Sou o Tiago, Analista de Mercado do MilkPoint Mercado e irei trazer uma visão sobre este questionamento. O cenário de menor oferta, acentuado nos últimos meses, acarretou altas aceleradas dos preços das vendas ao varejo, que por sua vez, está fazendo esse repasse aos consumidores.
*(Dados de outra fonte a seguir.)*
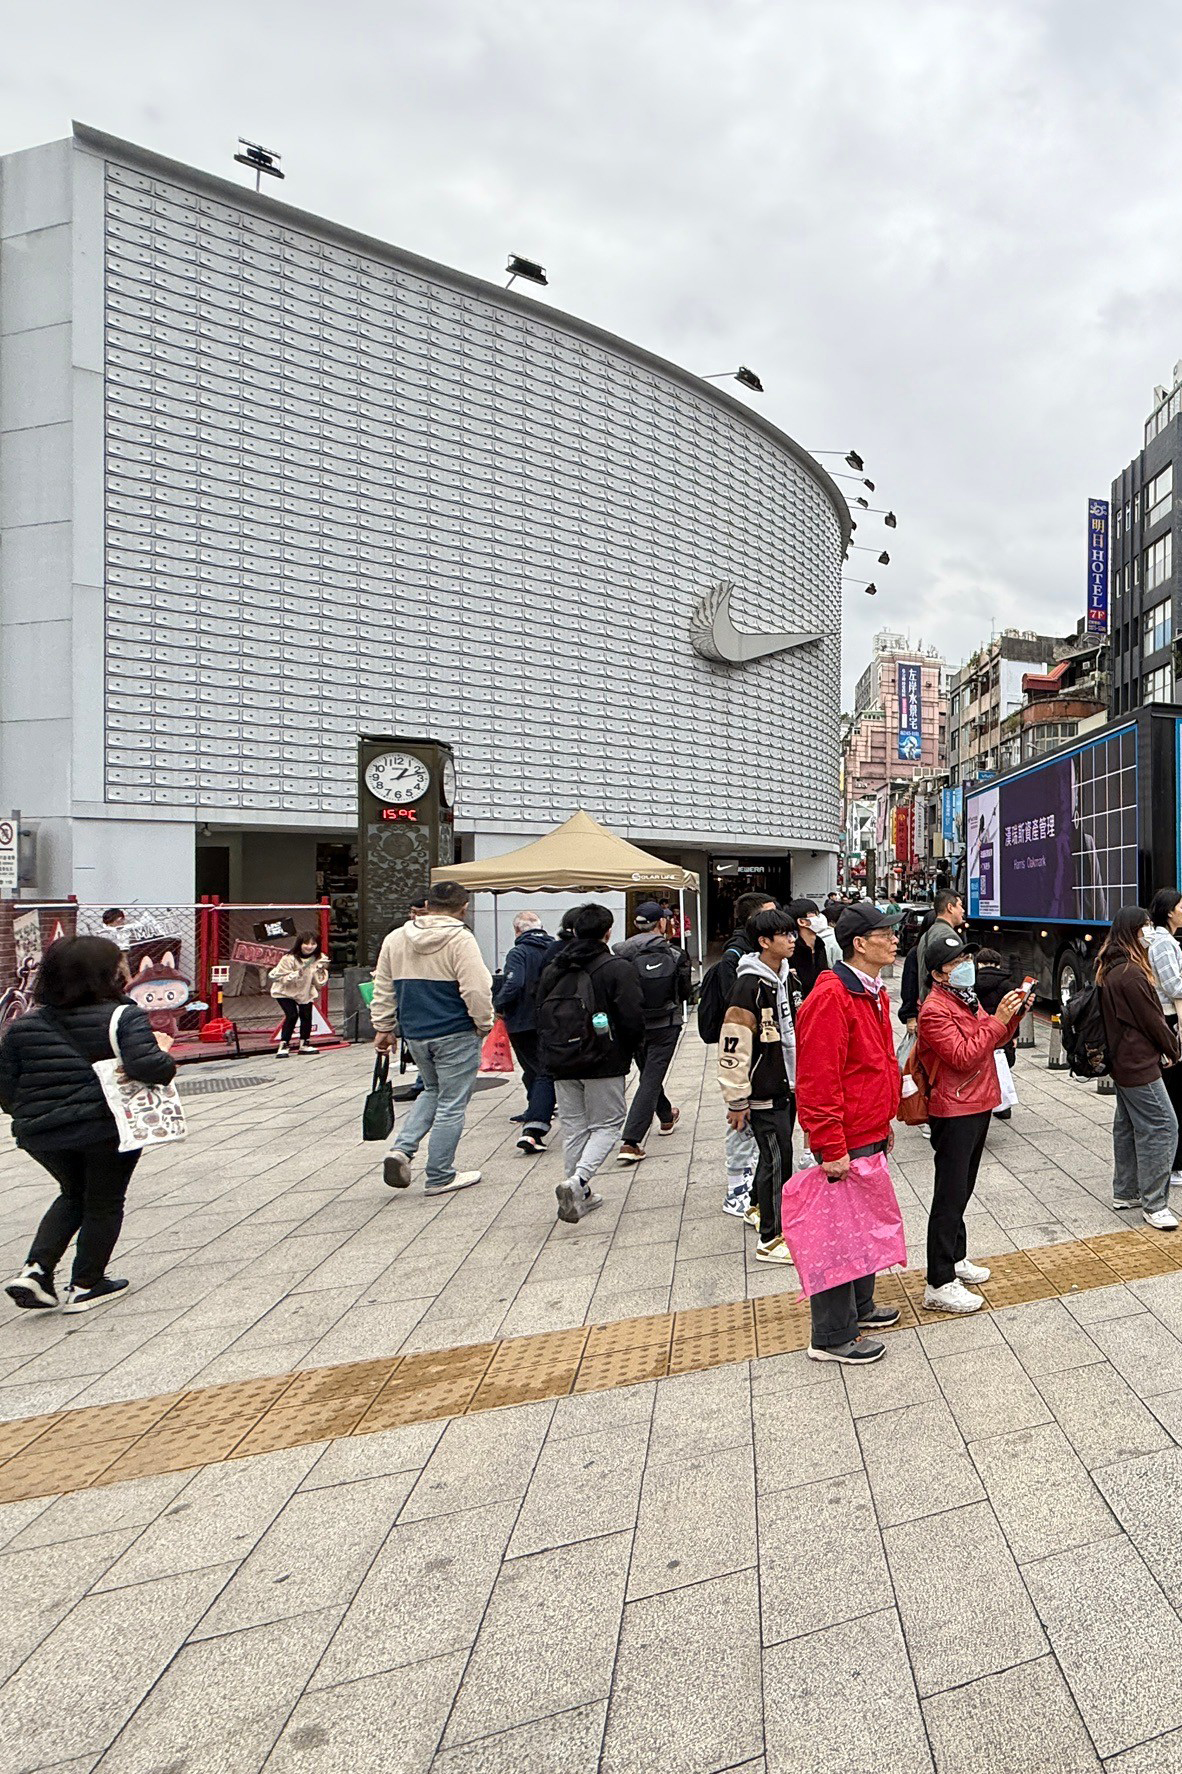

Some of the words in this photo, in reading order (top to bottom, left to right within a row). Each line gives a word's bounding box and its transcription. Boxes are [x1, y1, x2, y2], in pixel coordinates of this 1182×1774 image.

[1091, 517, 1105, 549] 明日
[1091, 550, 1105, 608] HOTEL
[1089, 610, 1105, 619] 7F
[908, 668, 918, 730] 左岸水景宅
[393, 757, 405, 765] 12
[374, 764, 386, 773] 10
[372, 774, 380, 782] 9
[416, 774, 425, 783] 3
[375, 781, 384, 790] 8
[413, 783, 422, 791] 4
[384, 788, 392, 797] 7
[394, 790, 402, 799] 6
[405, 788, 413, 797] 5
[631, 872, 660, 881] SOLAR
[723, 1036, 739, 1053] 17
Existe uma "defasagem temporal" entre os preços que estão nas gôndolas com os preços utilizados pela metodologia do CEPEA. A metodologia de preços médios do CEPEA leva em consideração o leite captado no mês anterior (inclusive, um único preço para o mês inteiro), enquanto os preços nas gôndolas podem ser alterados, caso necessário, diariamente. Essa diferença temporal cria essa disparidade entre os preços praticados nos diferentes elos.
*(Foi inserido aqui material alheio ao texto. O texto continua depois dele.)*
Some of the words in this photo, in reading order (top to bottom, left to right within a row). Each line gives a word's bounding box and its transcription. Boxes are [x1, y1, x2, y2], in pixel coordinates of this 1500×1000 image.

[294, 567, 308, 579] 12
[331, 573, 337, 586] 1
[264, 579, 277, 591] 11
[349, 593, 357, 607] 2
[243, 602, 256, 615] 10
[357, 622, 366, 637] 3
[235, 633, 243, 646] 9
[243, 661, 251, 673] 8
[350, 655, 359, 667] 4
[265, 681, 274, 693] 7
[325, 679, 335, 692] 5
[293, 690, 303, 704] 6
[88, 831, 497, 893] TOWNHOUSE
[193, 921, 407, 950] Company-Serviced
Devemos observar altas mais consistentes aos produtores para os próximos 2 pagamentos - momento em que as altas dos preços da indústria ao varejo e do varejo ao consumidor final provavelmente já estarão desacelerando.

Obrigado,
Tiago.
EM RESPOSTA A TIAGO DA CUNHA FARIA
ANDRÉ GONÇALVES ANDRADE

ROLIM DE MOURA - RONDÔNIA - PRODUÇÃO DE LEITE

EM 13/07/2022

Muito bem lembrado Tiago. E muitíssimo importante.
Vejo os debates e muitas vezes as cobranças sobre o varejo, sem serem avaliadas de forma correta. E lembrando bem, o varejo é quem detém o contato com quem de fato consome o produto e gera a demanda. Ele via de regra trabalha com milhares de itens, não apenas lácteos. Definem margens em relação aos seus custos e as aplicam. As altas aceleradas, assim como as baixas, não são causadas pelo varejo. Há que se considerar as reais motivações: safras, entressafras, renda, câmbio, etc.
Precisamos achar o melhor caminho de forma estrutural. Até agora vejo que estamos meio "perdidos" como setor!
NELSON JESUS SABOIA RIBAS

GUARACI - PARANÁ - PRODUÇÃO DE LEITE

EM 11/07/2022

Boas as suas avaliações. No final é o que sabemos, para salvar o setor, há que reduzir volumes totais de produção. Acaba concentrando nos grandes com qualidade. A economia tratou de fazer a redução forçada dos médios e pequenos.
MARCELO PEREIRA DE CARVALHO

PIRACICABA - SÃO PAULO

EM 12/07/2022

Nelson, obrigado pelo comentário. Realmente esse processo de concentração está ocorrendo. É possível o pequeno e médio permanecer, mas precisa ser muito eficiente.
MARCELO BRANQUINHO PEREIRA

TRÊS CORAÇÕES - MINAS GERAIS - PRODUÇÃO DE LEITE

EM 11/07/2022

De todas as verdades ditas a mais contundente é que teremos um setor menor. Menor escala principalmente para as indústrias!
MARCELO PEREIRA DE CARVALHO

PIRACICABA - SÃO PAULO

EM 12/07/2022

É por aí, Marcelo!
ANDRE ROZEMBERG PEIXOTO SIMÕES

AQUIDAUANA - MATO GROSSO DO SUL - PESQUISA/ENSINO

EM 11/07/2022

Boa análise Marcelo. Obrigado pelos insights.
MARCELO PEREIRA DE CARVALHO

PIRACICABA - SÃO PAULO

EM 12/07/2022

Obrigado André.
RONEY JOSE DA VEIGA

HONÓRIO SERPA - PARANÁ - PRODUÇÃO DE LEITE

EM 11/07/2022

Se o varejo reduzir só um pouco a margem absurda de lucro que tem , estimula consumo!! Ganha muito, faz nada e prejudica!
MARCELO PEREIRA DE CARVALHO

PIRACICABA - SÃO PAULO

EM 12/07/2022

Obrigado pelo comentário Roney. No Fórum MilkPoint Mercado, que ocorrerá em Goiânia, no dia 02/08, o varejo participará. Vai ser interessante.